Se qualcuno non ha ancora capito che siamo in un regime, il Daspo a Stefano Puzzer dovrebbe aprirgli gli occhi. Sicuramente l’uomo simbolo della rivolta dei portuali di Trieste ha detto che è stato trattato gentilmente, ma il trattamento in questura è semplice civiltà, almeno quella si spera di averla conservata. Il succo però è che Stefano Puzzer non potrà mettere piede a Roma per un anno, e questo è significativo. E’ stato allontanato da quelle sedi istituzionali che non vogliono dialogare con lui. E Stefano Puzzer è diventato così il Navalny italiano: si può dire che Puzzer sta a Draghi come Navalny sta a Putin.

Il paragone scandalizzerò molti, ma l’analogia c’é, eccome. Perché è stato comminato il daspo a Puzzer? E’ stato denunciato per manifestazione non autorizzata per il suo solitario banchetto in Piazza del Popolo. Ecco, esattamente come Navalny.

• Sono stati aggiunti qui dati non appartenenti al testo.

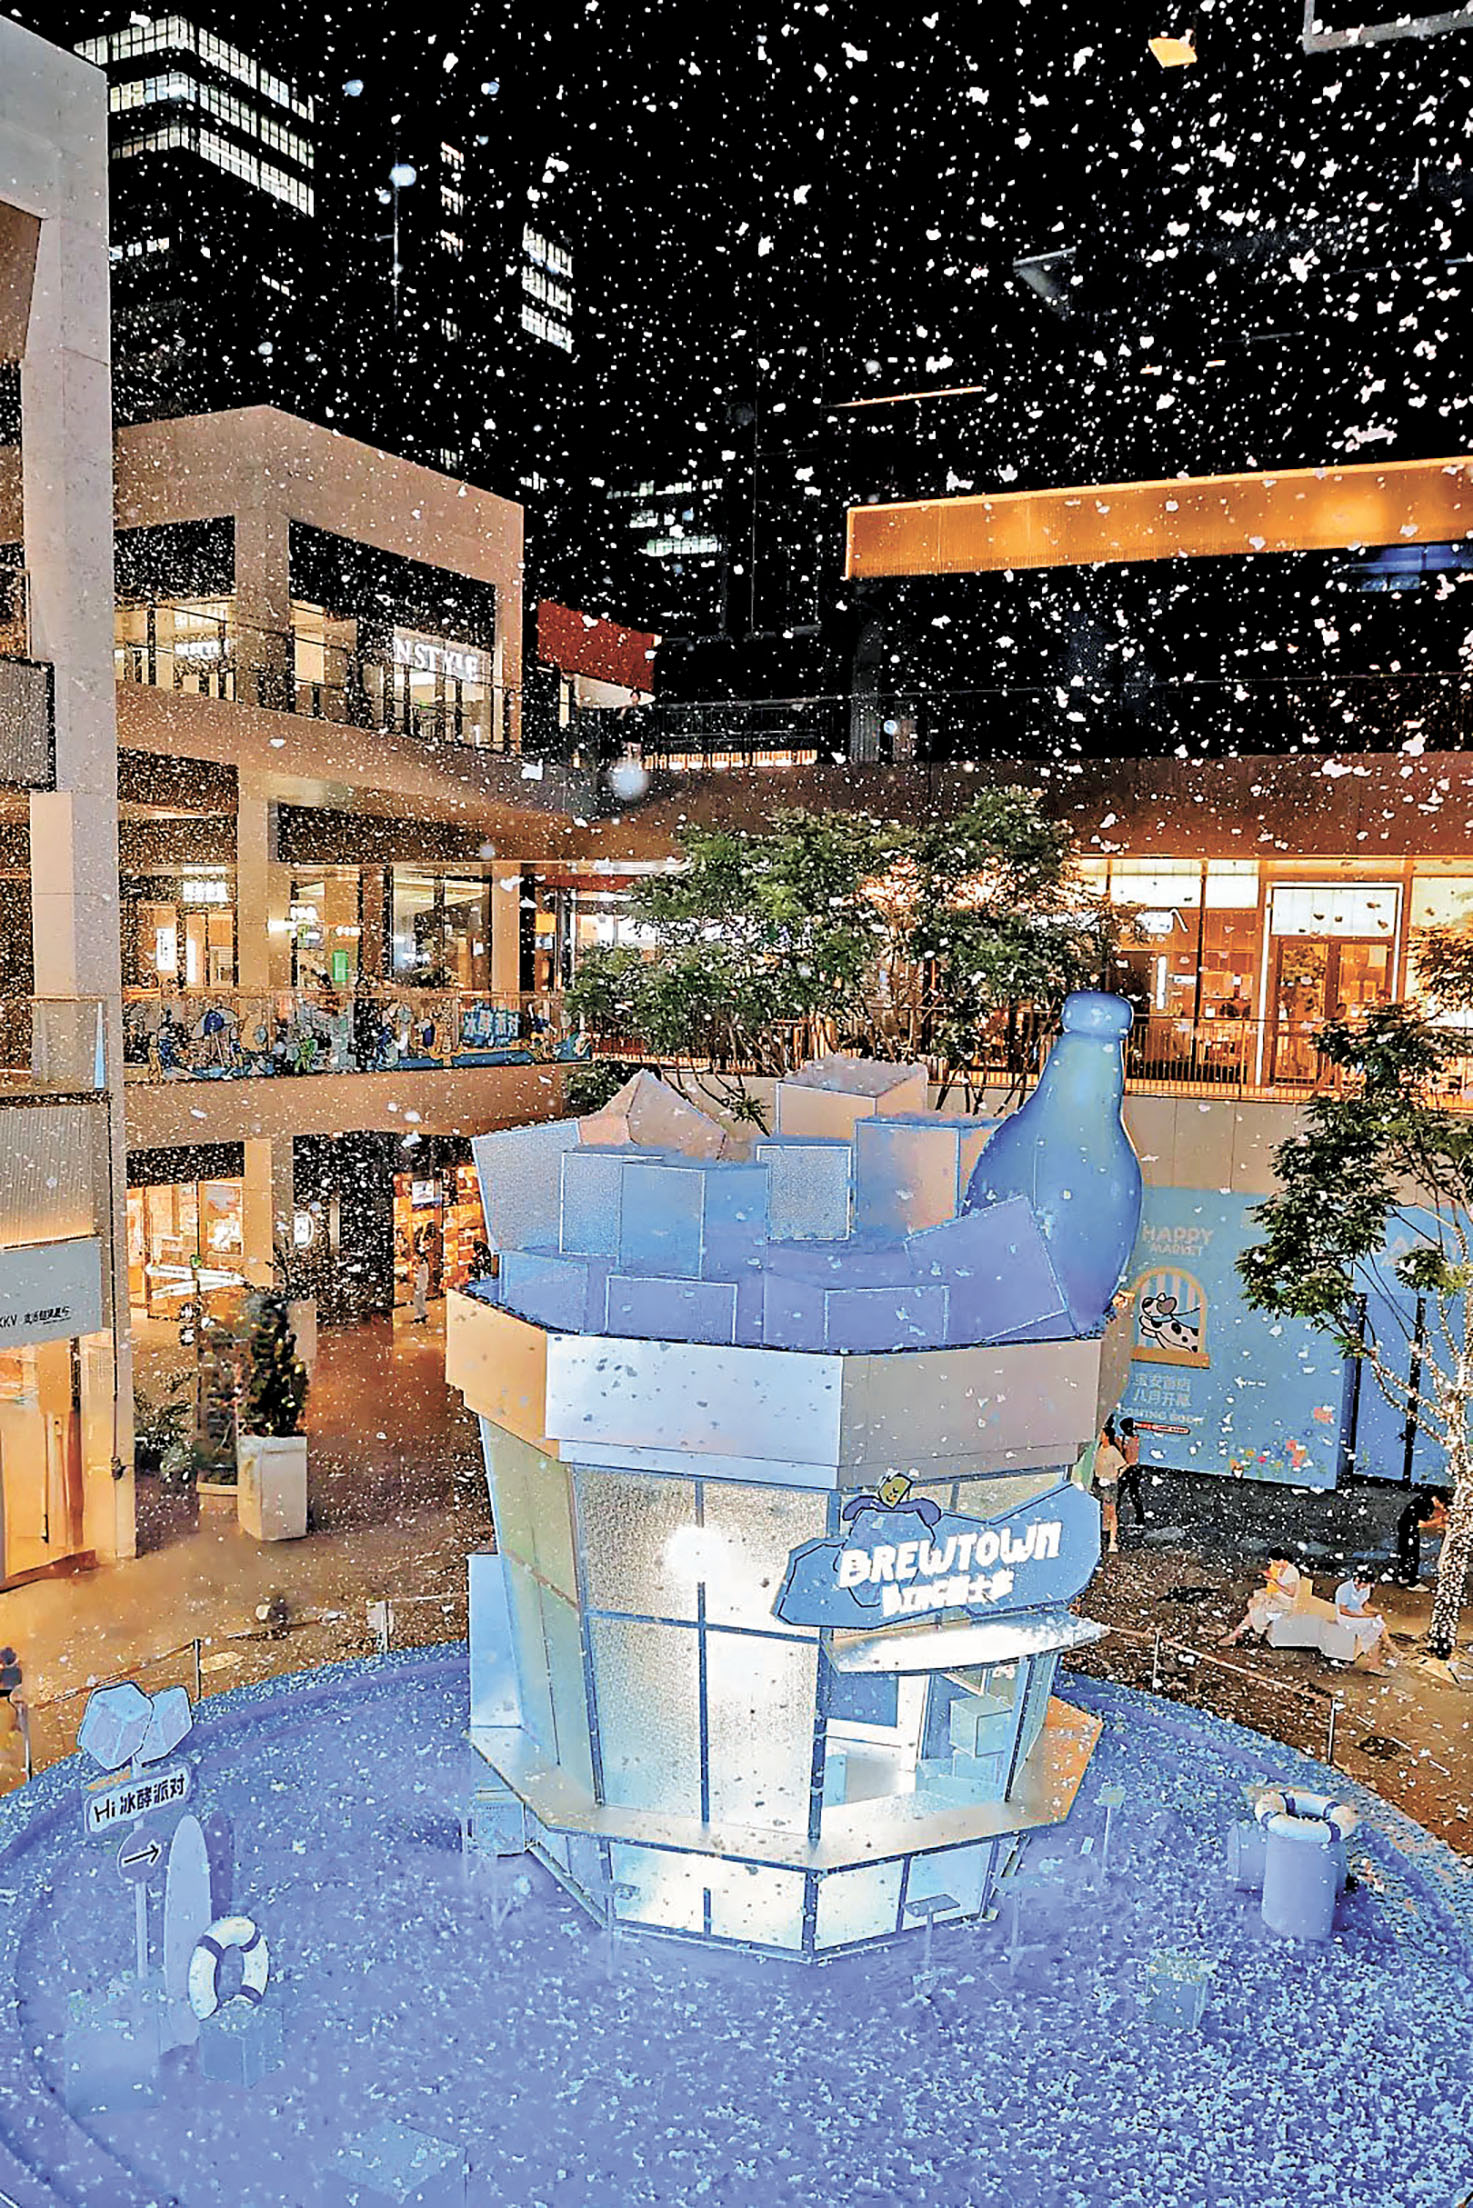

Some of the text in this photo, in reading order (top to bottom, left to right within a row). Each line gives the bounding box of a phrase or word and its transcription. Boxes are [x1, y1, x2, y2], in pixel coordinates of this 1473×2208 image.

[1142, 1225, 1214, 1245] HAPPY
[1151, 1242, 1203, 1256] MARKET
[1117, 1406, 1168, 1420] COMING
[839, 1521, 1062, 1588] BREWTOWN
[94, 1773, 185, 1822] Hi 冰酵派对
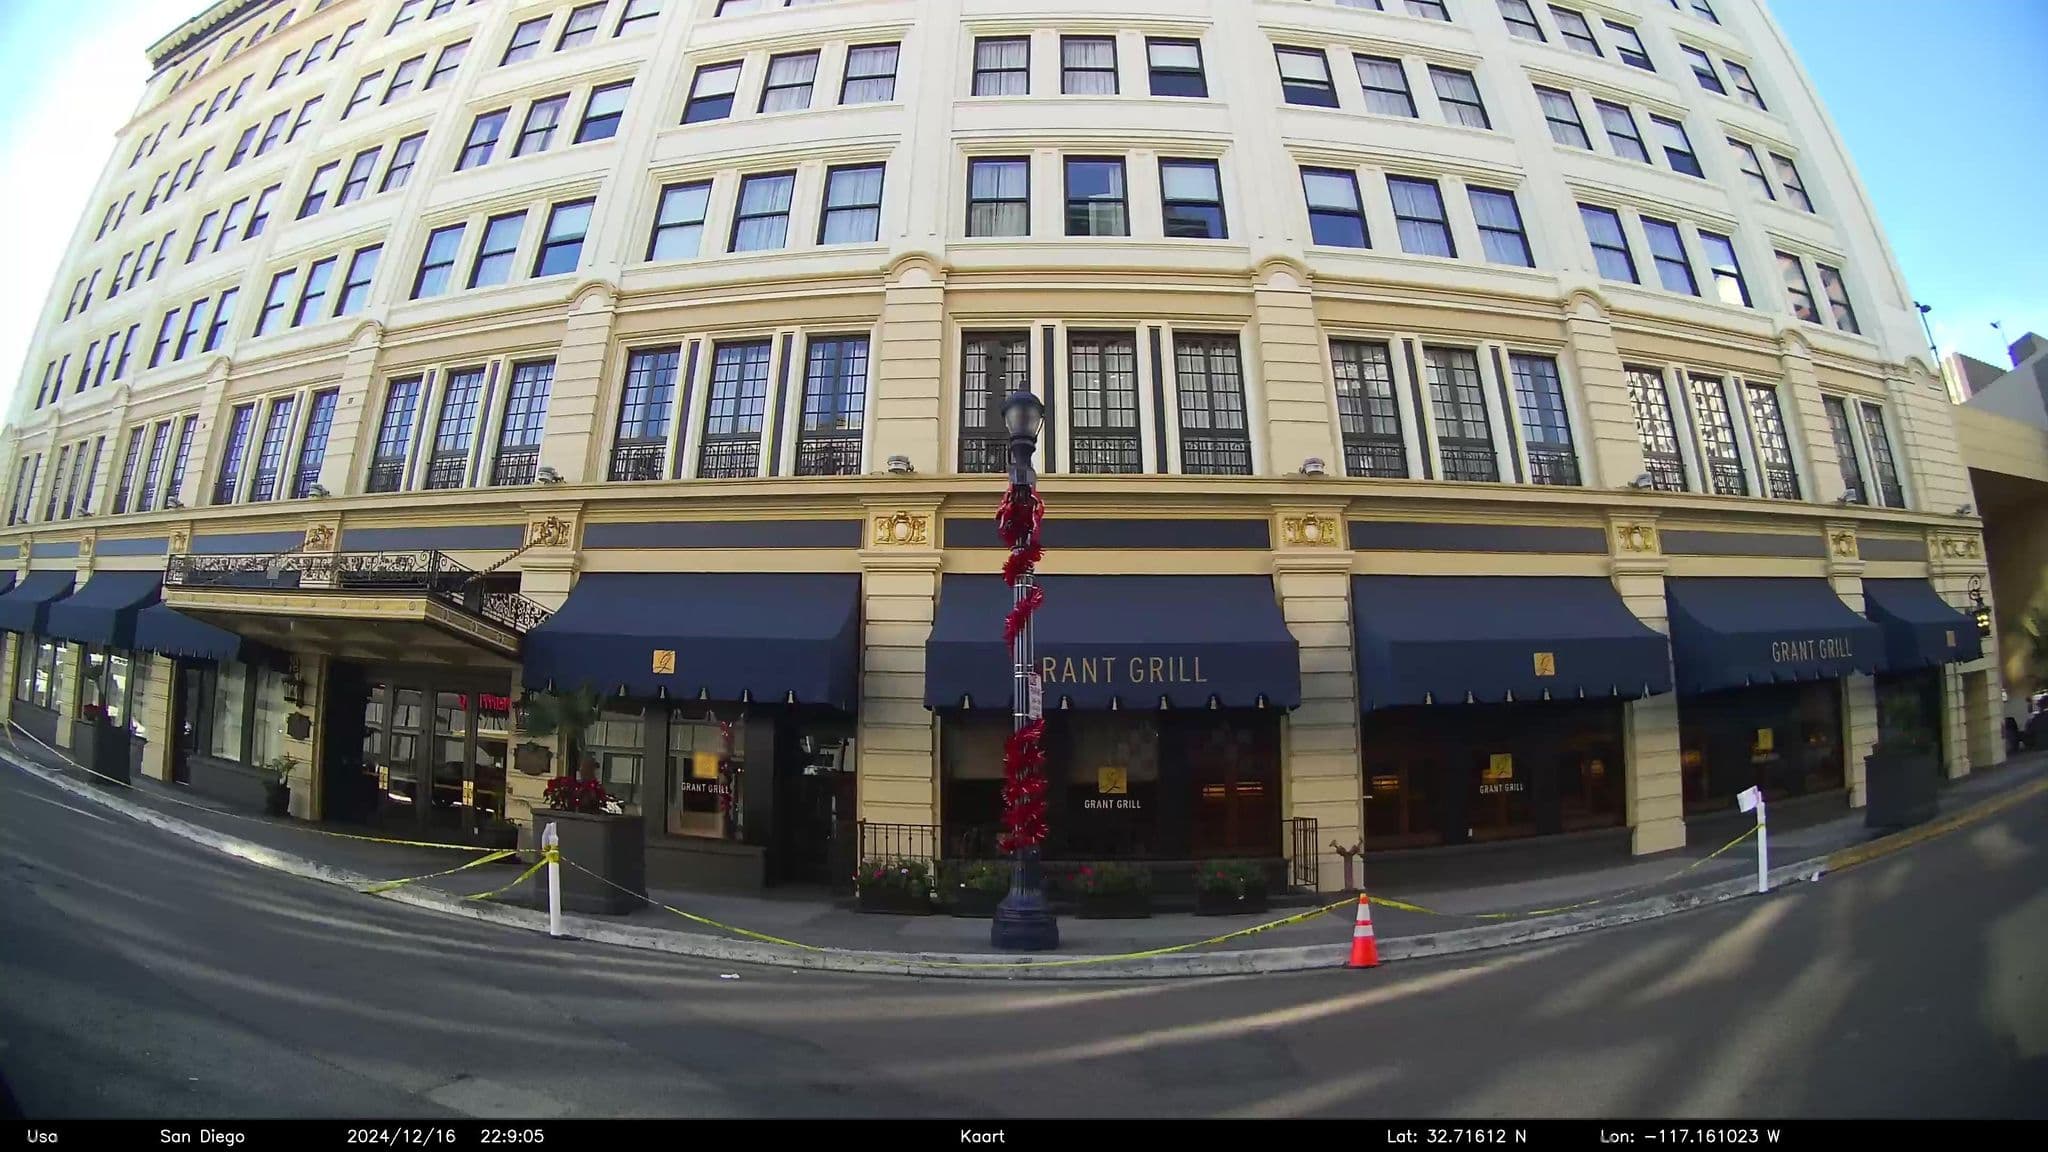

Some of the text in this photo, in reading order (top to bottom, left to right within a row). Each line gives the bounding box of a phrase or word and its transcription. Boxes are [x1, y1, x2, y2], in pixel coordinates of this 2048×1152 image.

Durante le sue manifestazioni Navalny ha sempre chiesto l’autorizzazione delle autorità, sconfinando però volontariamente in zone dove la manifestazione non era autorizzata. E anche i suoi sostenitori, solo lo scorso gennaio, sono scesi in piazza in centinaia di manifestazioni non autorizzate. Ora, la cosa che risulta misteriosa è questo cambiamento di registro riguardo le manifestazioni non autorizzate. Per quale motivo se a fare la manifestazione non autorizzata è il signor Navalny, il signore Navalny è un eroe che combatte il sistema, mentre se lo fa Puzzer mi diventa una specie di pericolo per la democrazia? Putin è il dittatore cattivo è Draghi è il buono e quindi le manifestazioni non autorizzate contro Putin sono un coraggioso atto di ribellione al tiranno mentre una manifestazione non autorizzata di Puzzer (da solo) diventa un pericolosissimo atto eversivo che mette in pericolo la democrazia? Putin è quello che si è preso il potere a vita. Ma ci sono voci che propongono un Draghi presidente a vita come Mieli, o  un Giorgetti che propone un Draghi semipresidenzialista. Con la differenza che Putin è stato eletto dal popolo russo e non da Mattarella o da un conclave di politicanti, e che le pur discutibili modifiche alla Costituzione russa sono state sottoposte a referendum popolare mentre qui la Costituzione è stata calpestata senza nemmeno essere stata cambiata. Chi è il tiranno?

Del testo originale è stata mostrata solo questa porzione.